BEGIN The input

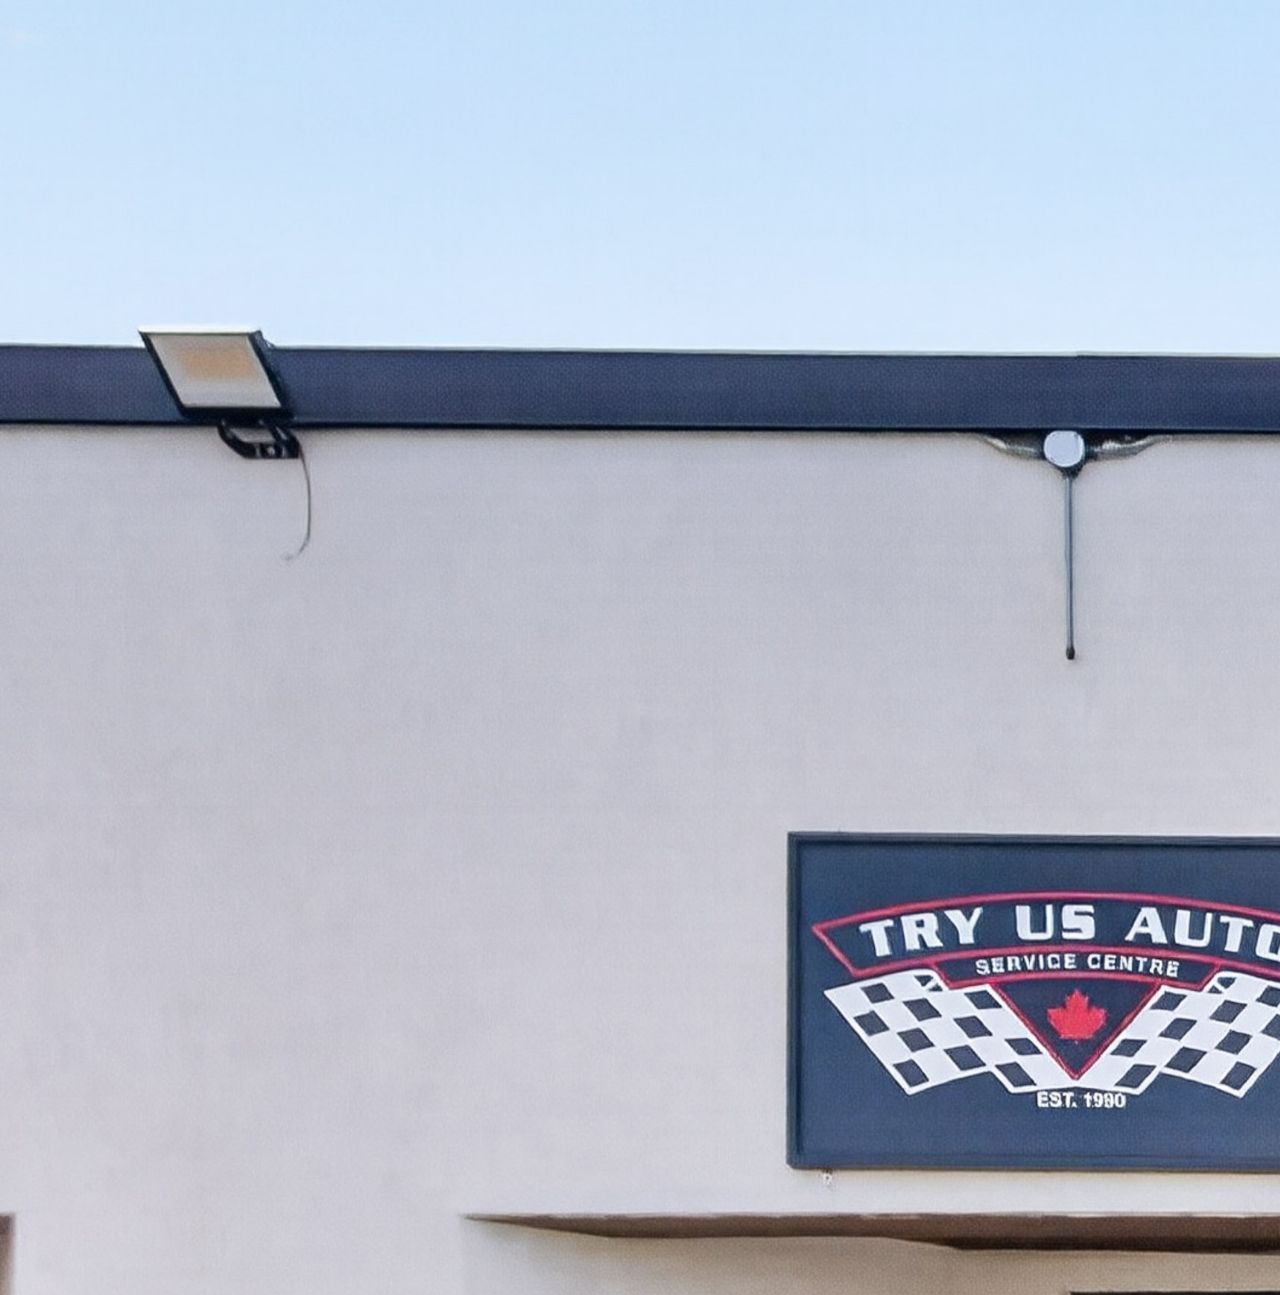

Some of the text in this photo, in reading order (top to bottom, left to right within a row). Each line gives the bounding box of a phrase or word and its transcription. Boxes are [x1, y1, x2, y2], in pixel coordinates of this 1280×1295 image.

[860, 906, 984, 957] TRY
[1016, 904, 1095, 941] US
[976, 953, 1180, 978] SERVICE CENTRE
[1037, 1092, 1126, 1109] EST. 1990
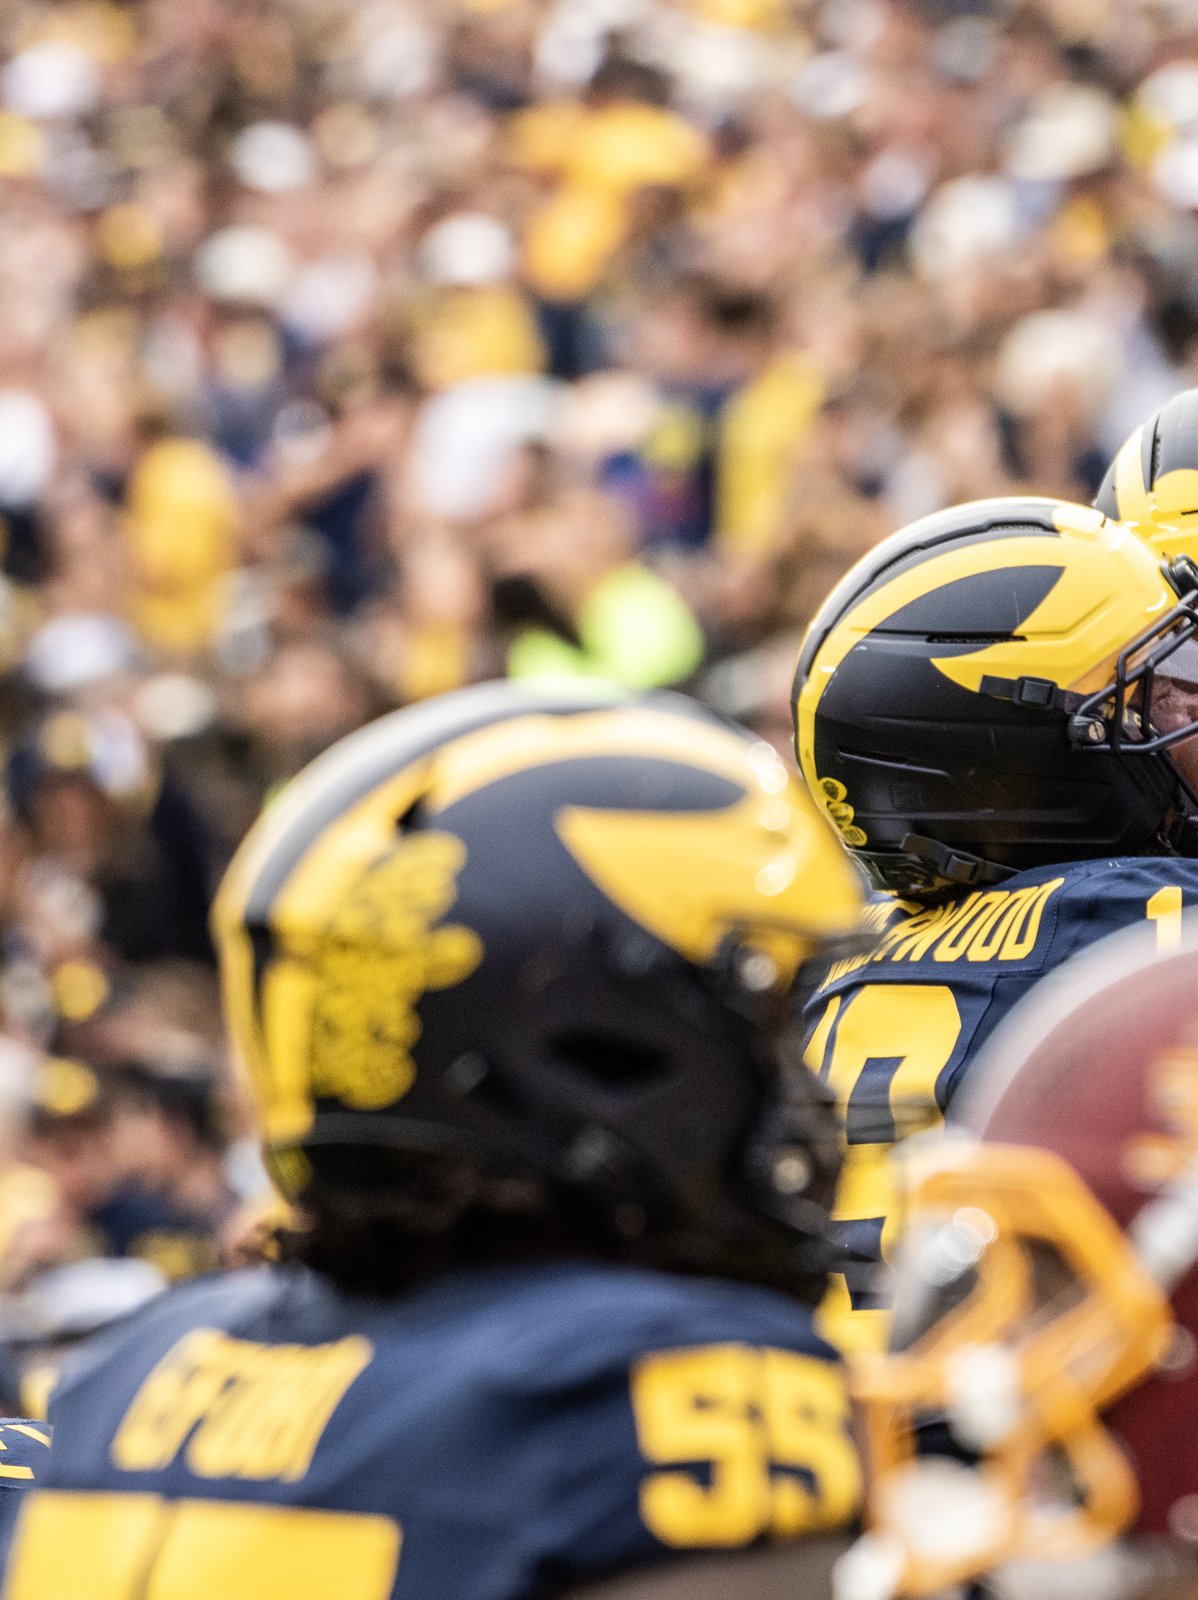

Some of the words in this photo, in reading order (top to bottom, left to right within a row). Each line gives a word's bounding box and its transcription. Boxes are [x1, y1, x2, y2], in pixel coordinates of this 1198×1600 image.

[819, 877, 1066, 993] RWOOD
[803, 984, 963, 1358] 9
[630, 1342, 863, 1549] 55
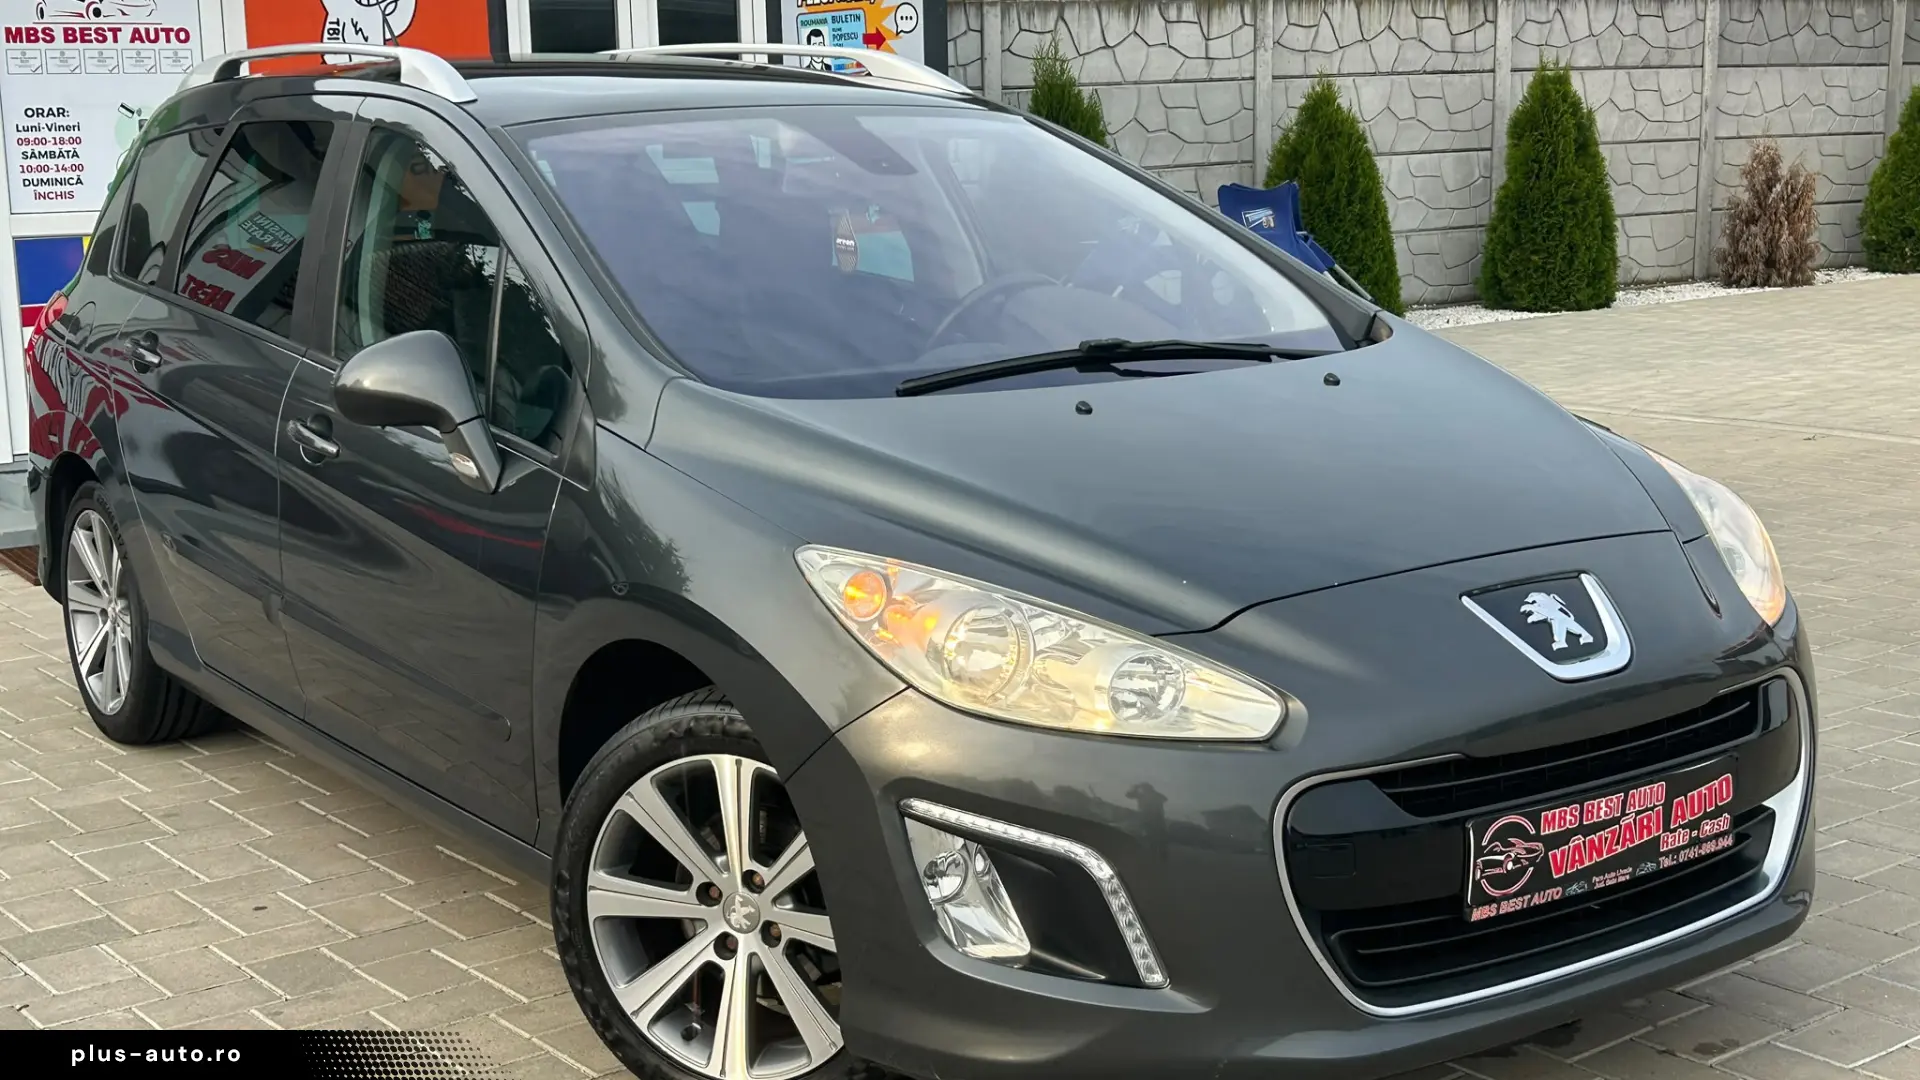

END The input

Output the records exactly as they appear, skipping any pictures.

Some of the text in this photo, in reading order (top to bottom, left to right within a row). Each line gives the bounding box of a phrase or word and its transcription. Boxes are [x1, y1, x2, y2], in pixel coordinates of this 1280×1295 image.

[860, 906, 984, 957] TRY
[1016, 904, 1095, 941] US
[976, 953, 1180, 978] SERVICE CENTRE
[1037, 1092, 1126, 1109] EST. 1990

Some of the words in this photo, in reading order (top to bottom, left to right within a row). Each line gives a word's bounding box and its transcription. Boxes are [x1, y1, x2, y2], in pixel coordinates of this 1198×1600 image.

[819, 877, 1066, 993] RWOOD
[803, 984, 963, 1358] 9
[630, 1342, 863, 1549] 55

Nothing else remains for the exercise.